Percent identity plot (Elnitski et al. 2002). a Typha latifolia compared to Hordeum vulgare. Numbers along the x-axis indicate the coordinates for Typha and along the y-axis for Hordeum. INV inversion. b Hordeum vulgare compared to Zea mays. Numbers along the x-axis indicate the coordinates for Hordeum and along the y-axis for Zea

Alignment of the complete plastid genomes indicates that there is a high level of sequence divergence between T. latifolia and the nine grasses (Fig. 2a). Most of the divergent regions (shown in gray or white in Fig. 2a) represent the intron and gene losses, and intergenic regions are the least conserved, containing a few highly divergent regions with large indels (shown in gray or white Fig. 2b). Sequence conservation among the nine grasses is much higher, and again intergenic spacer regions are the most divergent and contain a few large indels (shown in gray or white in Fig. 2b).

The IR in plastid genomes has four boundaries, IRb/LSC, IRb/SSC, IRa/LSC, and IRa/SSC, and there is variation in the extent of duplication of sequences at each of these boundaries in the Poales. All members of the order have expanded the IRb/LSC and IRa/LSC to add both trnH-gug and rps19 to the IR (Fig. 1). However, the extent of IR expansion into the intergenic spacer regions between rps19 to psbA and rps19 to rpl22 varies from 34 to 99 bp among members of the Poales (Fig. 1). At the IR/SSC boundary, the grasses have expanded the IR to duplicate rps15, but expansion beyond rps15 varies within the family. In six of the nine genera, IRa has expanded to duplicate 173–209 bp of ndhH, whereas in the three genera Saccharum, Sorghum, and Zea, IRb has expanded to duplicate 29 bp of ndhF (Fig. 1).

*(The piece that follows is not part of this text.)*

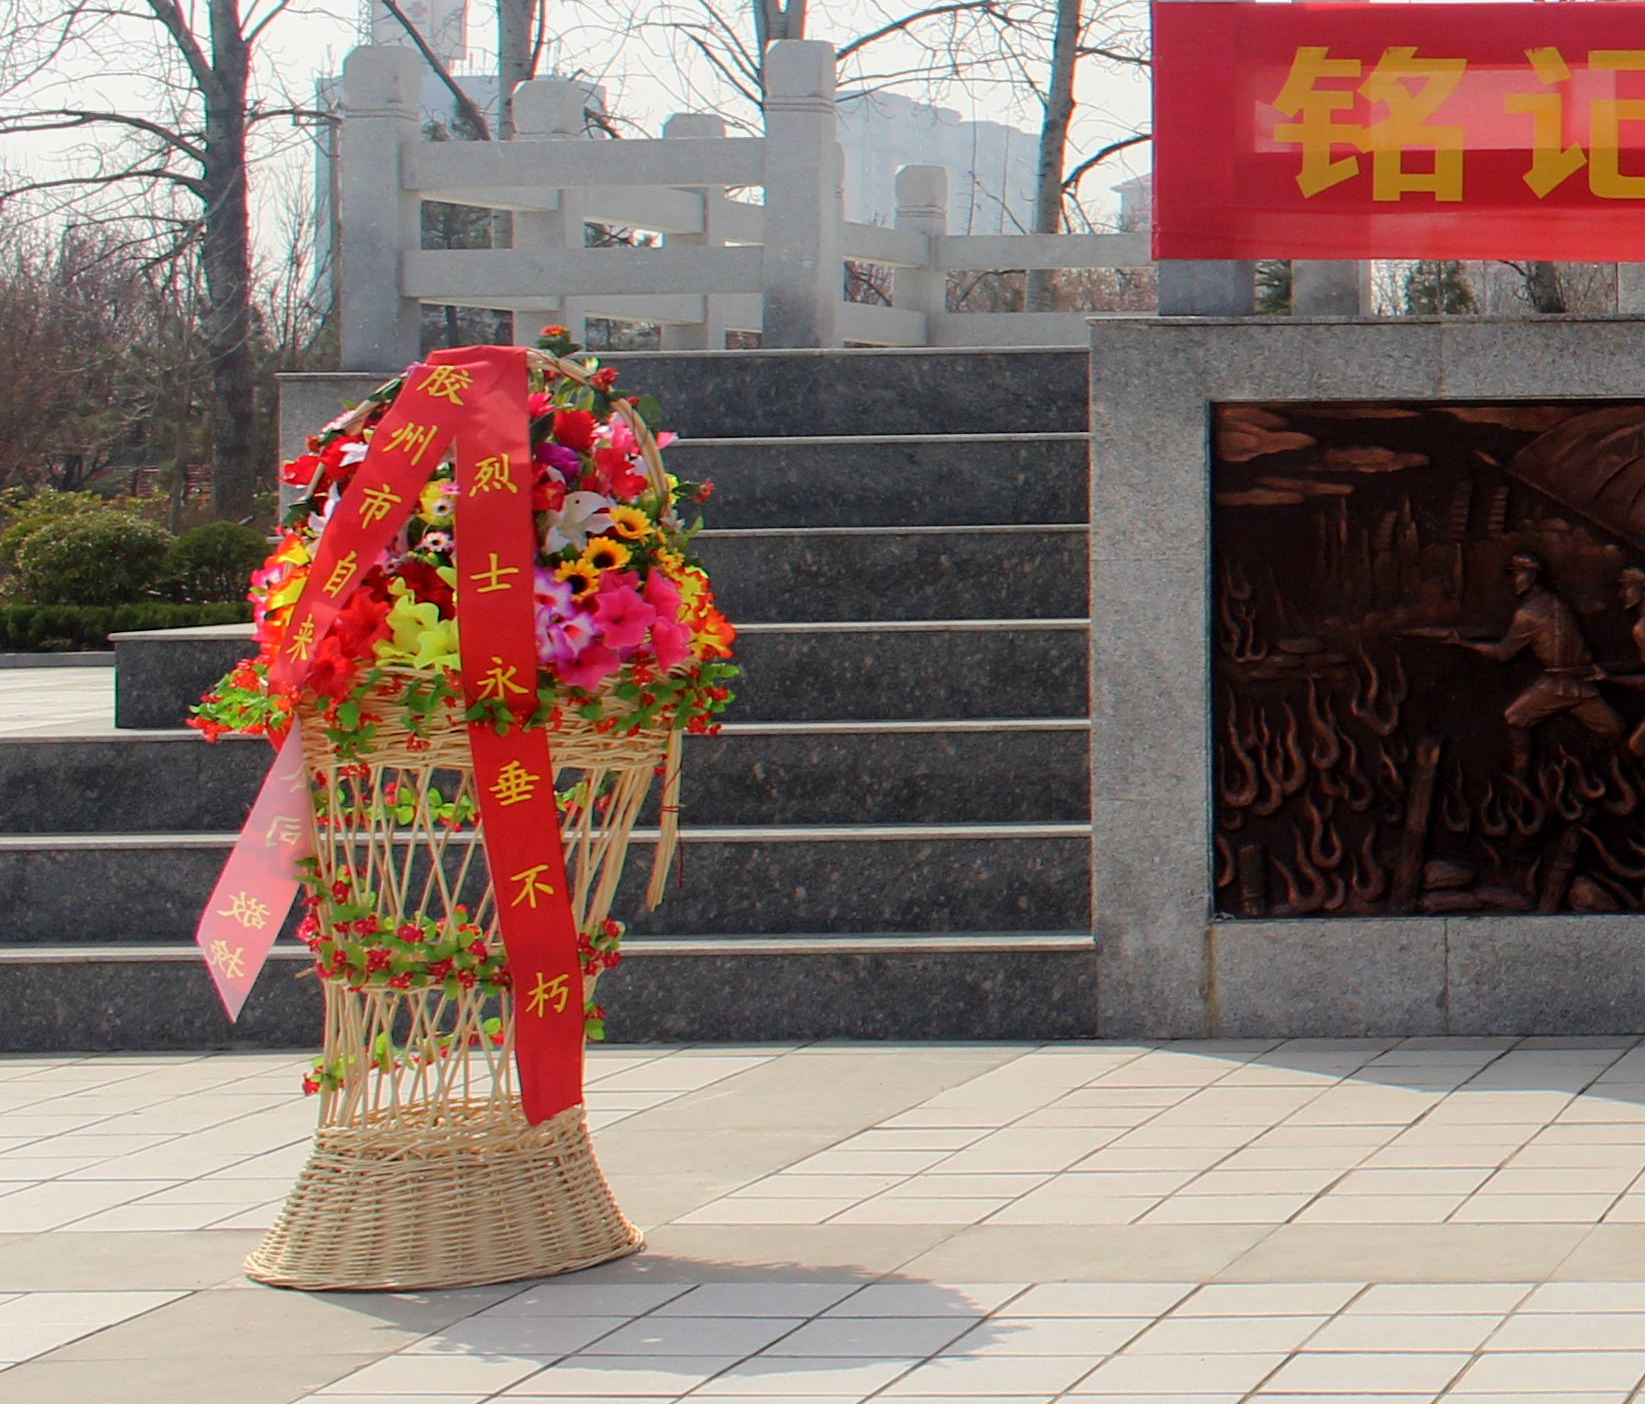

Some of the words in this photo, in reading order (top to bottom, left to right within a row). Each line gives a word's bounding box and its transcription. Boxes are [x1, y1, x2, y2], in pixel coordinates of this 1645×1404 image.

[469, 453, 570, 1017] 烈士永垂不朽

Phylogenetic Relationships

Phylogenetic analyses were performed on an aligned data matrix that included 47 taxa of angiosperms and 73 protein-coding genes. The total length of the aligned data set was 57,603 nucleotides and the Nexus file is available at http://www.biosci.utexas.edu/IB/faculty/jansen/lab/research/data_files/JME-Poales.nex.htm. The MP analysis generated one most parsimonious tree with a length of 104,284, a consistency index (excluding uninformative characters) of 0.36, and a retention index of 0.62. The ML analysis resulted in a tree with –lnL = 568622.59691. The ML and MP trees were largely congruent with each other and with recent phylogenetic analyses based on complete plastid genomes (Jansen et al. 2007; Moore et al. 2007). The only topological differences occurred in the eurosid clade, and these were relatively minor (see inset in Fig. 4). There was strong bootstrap support in all but one node. Further description of results will be limited to monocots and especially Poales. There is strong support for the monophyly of monocots (100% bootstrap values in both ML and MP trees). Acorus is the earliest diverging lineage followed by Lemna, Dioscorea, Yucca, Elaeis, Musa, and finally the Poales, represented by T. latifolia (Typhaceae) and the nine genera of grasses (Poaceae). All of these monocot nodes have bootstrap values >95% and most are 100% in both ML and MP trees. Within grasses all nodes except for one have strong bootstrap support of 100% in both ML and MP trees. The nine genera represent 3 of the 12 recognized subfamilies (sensu GPWG 2001) of grasses (Ehrhartoideae, Panicoideae, and Pooideae), and the monophyly of each is strongly supported. The Ehrhartoideae are sister to the Pooideae, although support for this relationship is weak (54%) in the ML tree.

Fig. 4
figure 4

ML tree of 47 taxa for 73 protein-coding genes (−lnL = 568622.59691). MP analysis was generally congruent, but topological differences are shown in the inset. Bootstrap values are shown at nodes for ML/MP; and only one statistic is reported where values are the same except in the eurosid clade where ML values are shown on the full tree and MP values are on the inset. The Poales clade is shaded and genomic changes within Poales are indicated by black bars. Subfamilies sampled are shown (EHR Ehrhartoideae, POO Pooideae, PAN Panicoideae)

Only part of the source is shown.